La sua caratteristica principale è il supporto macro avanzato. Il bracketing e lo stacking della messa a fuoco integrati consentono primi piani dettagliati e la fotocamera può mettere a fuoco fino a 10 mm in modalità microscopio. Una luce anulare opzionale circonda l'obiettivo e trae energia dal flash incorporato per scatti macro con illuminazione uniforme.
Dal punto di vista dell'immagine, la TG‑3 è solida:un sensore CMOS BSI da 1/2,3 pollici da 16 megapixel, un display LCD da 3 pollici con 460.000 punti (non touchscreen per una maggiore durata) e un obiettivo con zoom ottico 4× (equivalente a pieno formato da 25‑100 mm) con un'apertura di f/2‑f/4,9. Il rilascio è previsto per giugno a $ 350.

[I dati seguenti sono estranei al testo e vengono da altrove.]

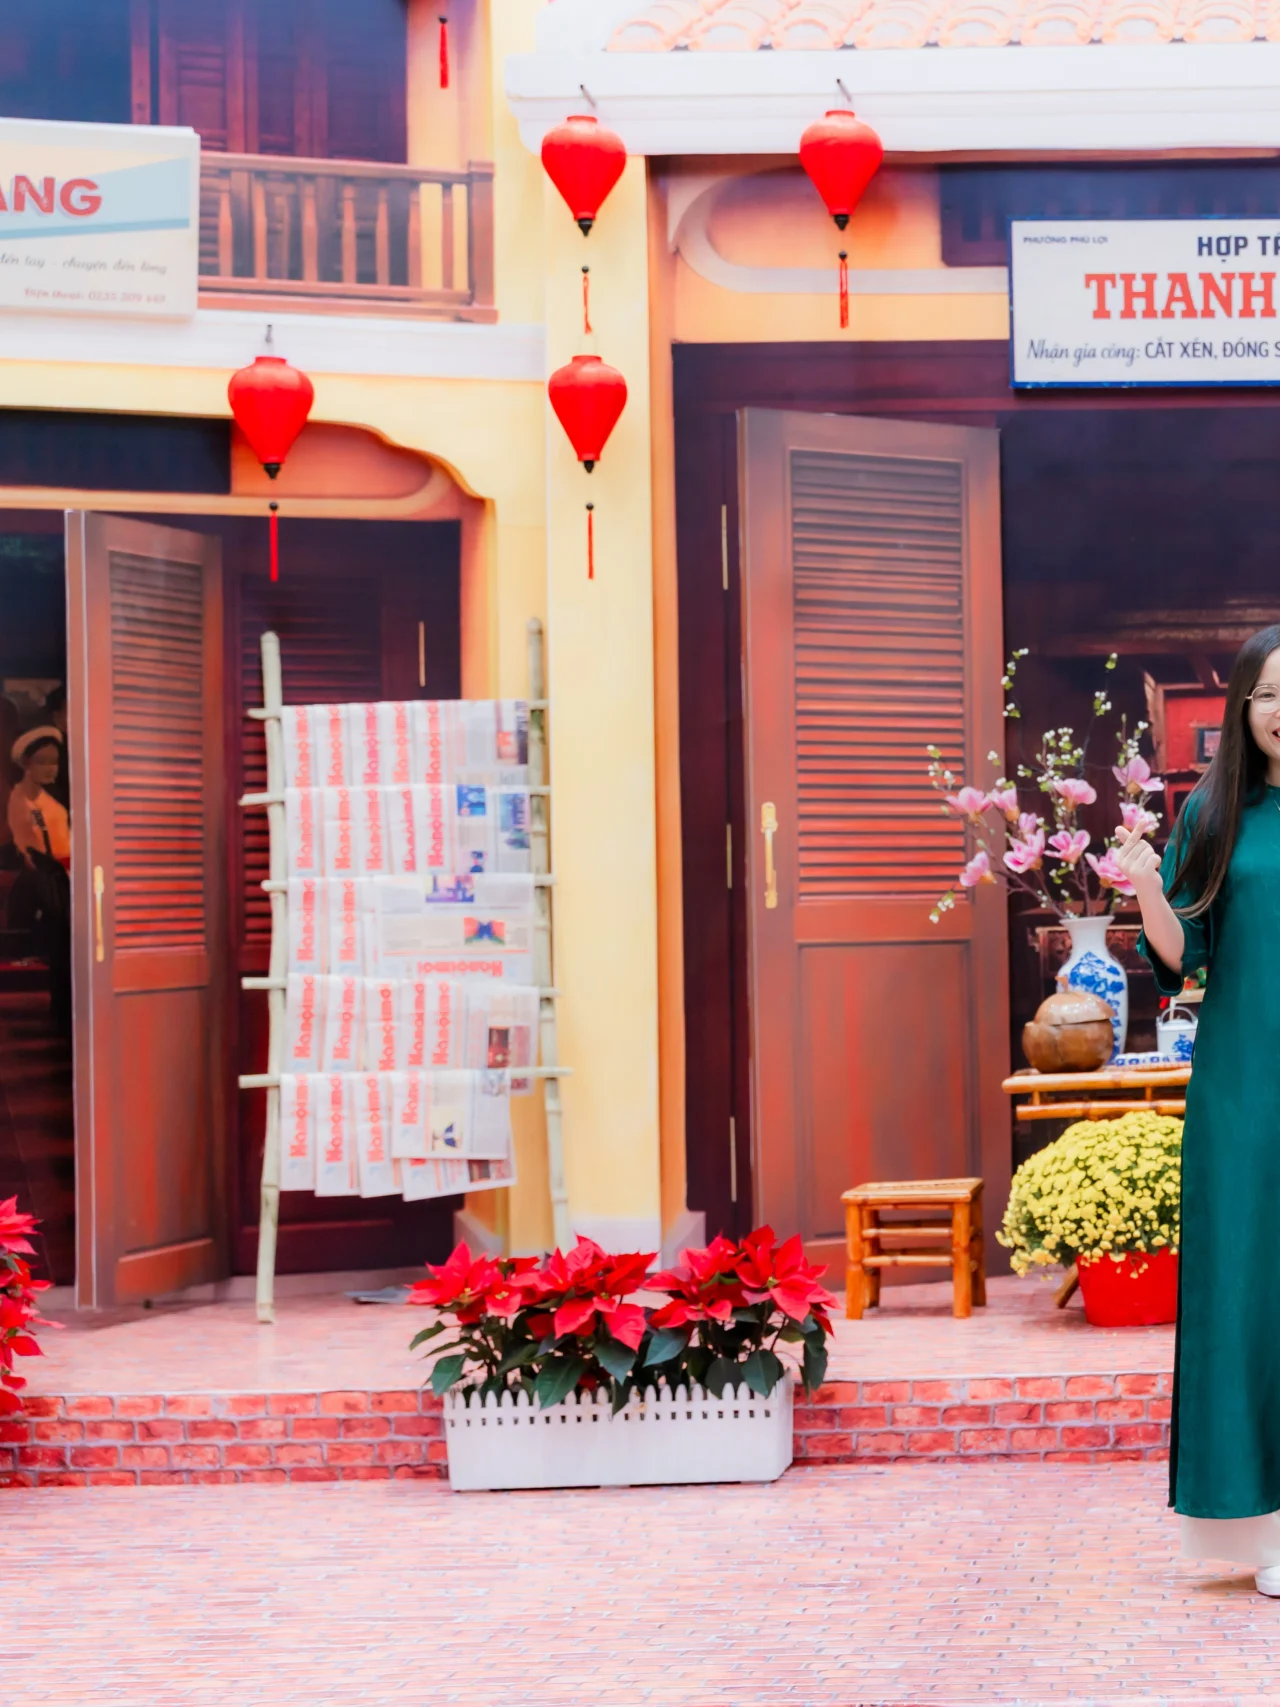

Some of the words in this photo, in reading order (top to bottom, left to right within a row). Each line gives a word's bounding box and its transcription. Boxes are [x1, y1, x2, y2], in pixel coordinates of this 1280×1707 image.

L'SH‑1, sebbene meno robusto, offre un design elegante che ricorda la serie PEN di Olympus. Il suo punto forte è la gamma di zoom 24×, che offre un campo visivo equivalente a full frame da 25‑600 mm in un corpo compatto.
È dotato di un sensore CMOS BSI da 1/2,3 pollici e di un display LCD touchscreen da 3 pollici. L'SH‑1 verrà lanciato a maggio al prezzo di $ 400.